Decentralization. It’s a buzzword that’s making more and more sense to a lot more people every day, whether in the realms of politics, commerce, or the internet itself. It has long been a focus of conservatives and libertarians who want to reform our education system, and City Journal Contributing Editor Chris Rufo released a story last week that gives parents a very good reason to want to take more control of their children’s education.
The story highlighted a proposed California curriculum to be voted on this week called “Ethnic Studies Model Curriculum.” It’s an abomination that combined far-left “woke” educational principles with pagan god worship. You can’t make this stuff up, but apparently someone did. Now, the California Department of Education is bringing it up for a vote. According to his article:
Next week, the California Department of Education will vote on a new statewide ethnic studies curriculum that advocates for the “decolonization” of American society and elevates Aztec religious symbolism—all in the service of a left-wing political ideology.

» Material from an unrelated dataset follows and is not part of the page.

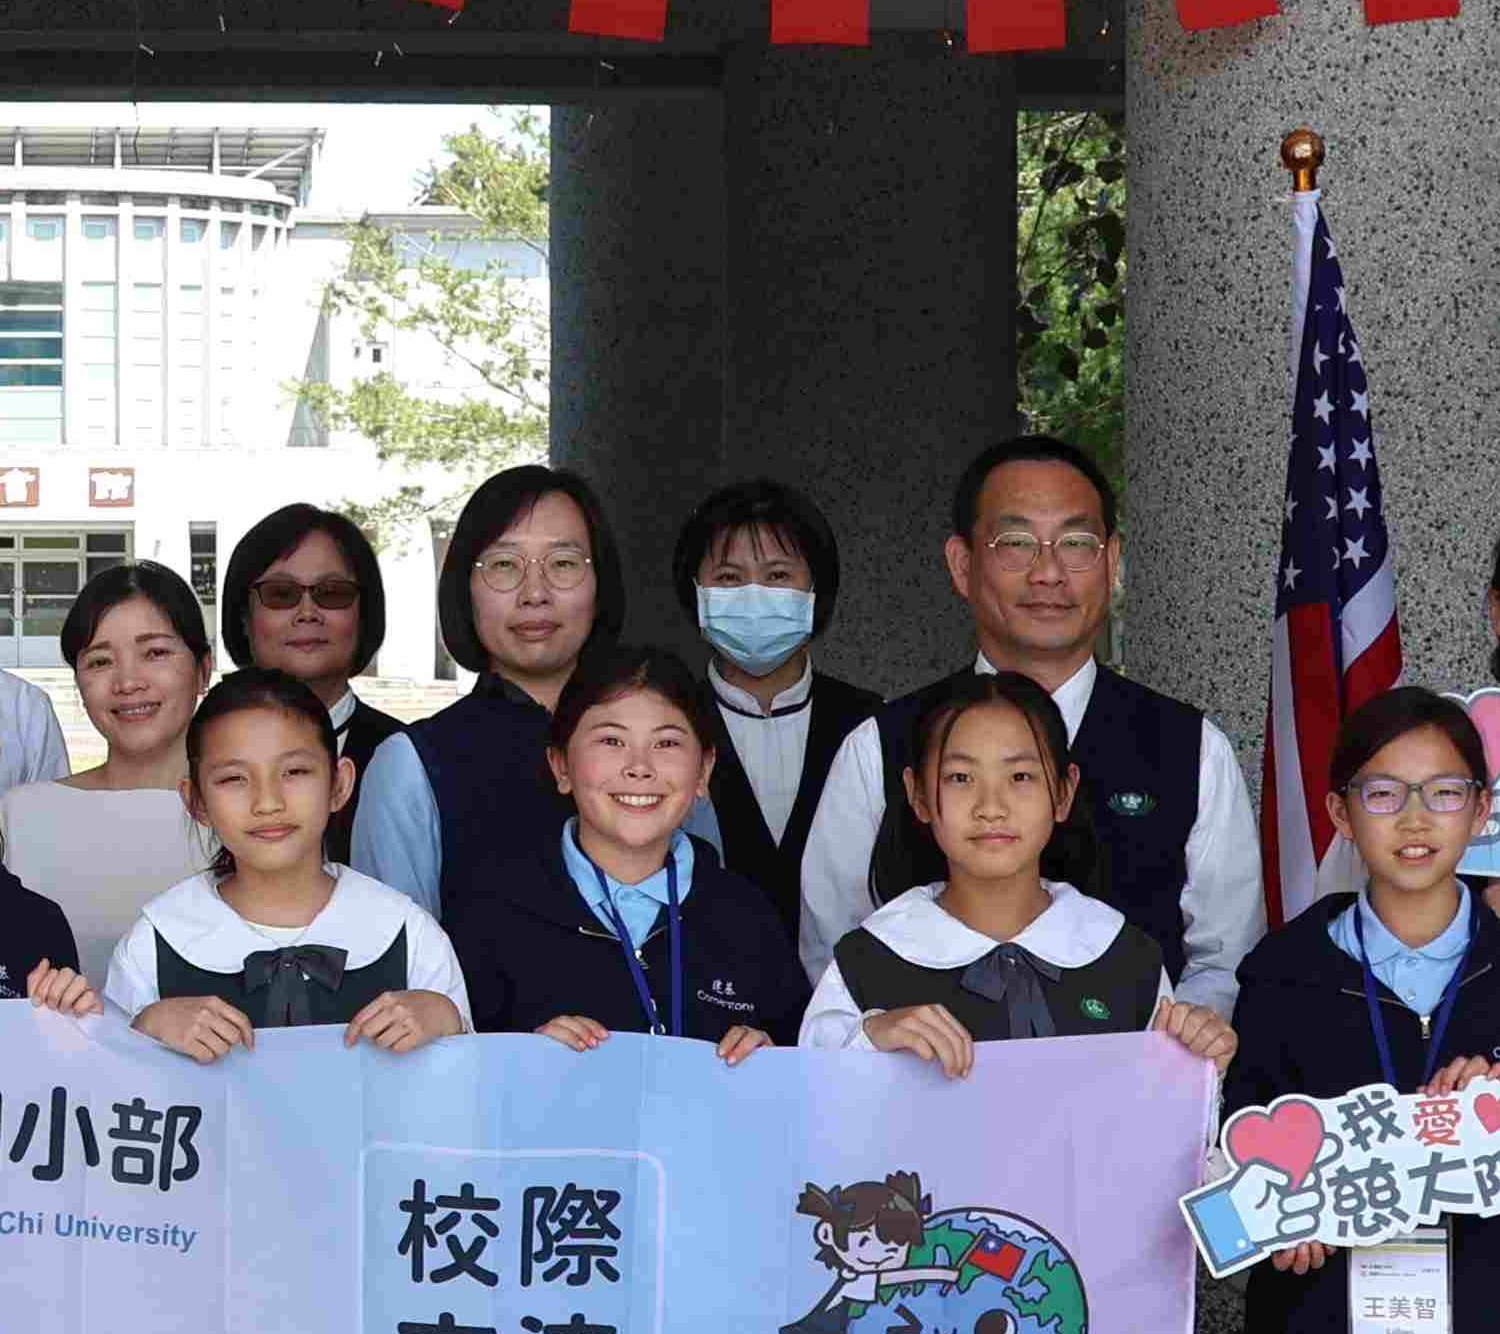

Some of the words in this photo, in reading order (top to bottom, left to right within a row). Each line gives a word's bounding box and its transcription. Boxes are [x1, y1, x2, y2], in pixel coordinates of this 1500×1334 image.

The new program, called the Ethnic Studies Model Curriculum, seeks to extend the Left’s cultural dominance of California’s public university system, 50 years in the making, to the state’s entire primary and secondary education system, which consists of 10,000 public schools serving a total of 6 million students.
In theoretical terms, the new ethnic studies curriculum is based on the “pedagogy of the oppressed,” developed by Marxist theoretician Paolo Freire, who argued that students must be educated about their oppression in order to attain “critical consciousness” and, consequently, develop the capacity to overthrow their oppressors. Following this dialectic, the model curriculum instructs teachers to help students “challenge racist, bigoted, discriminatory, imperialist/colonial beliefs” and critique “white supremacy, racism and other forms of power and oppression.” This approach, in turn, enables teachers to inspire their pupils to participate in “social movements that struggle for social justice” and “build new possibilities for a post-racist, post-systemic racism society.”
R. Tolteka Cuauhtin, the original co-chair of the Ethnic Studies Model Curriculum, developed much of the material regarding early American history. In his book Rethinking Ethnic Studies, which is cited throughout the curriculum, Cuauhtin argues that the United States was founded on a “Eurocentric, white supremacist (racist, anti-Black, anti-Indigenous), capitalist (classist), patriarchal (sexist and misogynistic), heteropatriarchal (homophobic), and anthropocentric paradigm brought from Europe.” The document claims that whites began “grabbing the land,” “hatching hierarchies,” and “developing for Europe/whiteness,” which created “excess wealth” that “became the basis for the capitalist economy.” Whites established a “hegemony” that continues to the present day, in which minorities are subjected to “socialization, domestication, and ‘zombification.’”
Rufo joined Fox News host Laura Ingraham to discuss this proposed curriculum. He then went a step further to offer a common-sense, decentralized solution for parents. Instead of wasting money on centralized curricula, that money should go to parents to help them make their children’s educational choices.
As I told @IngrahamAngle: We should radically decentralize the public school system and give parents the $15,000 a year per child to choose their own education. Families deserve an education that reflects their values—not the new woke orthodoxy of many public schools. pic.twitter.com/5Pcnms3GHd
— Christopher F. Rufo ⚔️ (@realchrisrufo) March 15, 2021
Instead of teaching our kids to embrace Aztec gods or indoctrinate them into modern wokeness, we should enable and empower parents to have more control over their children’s education.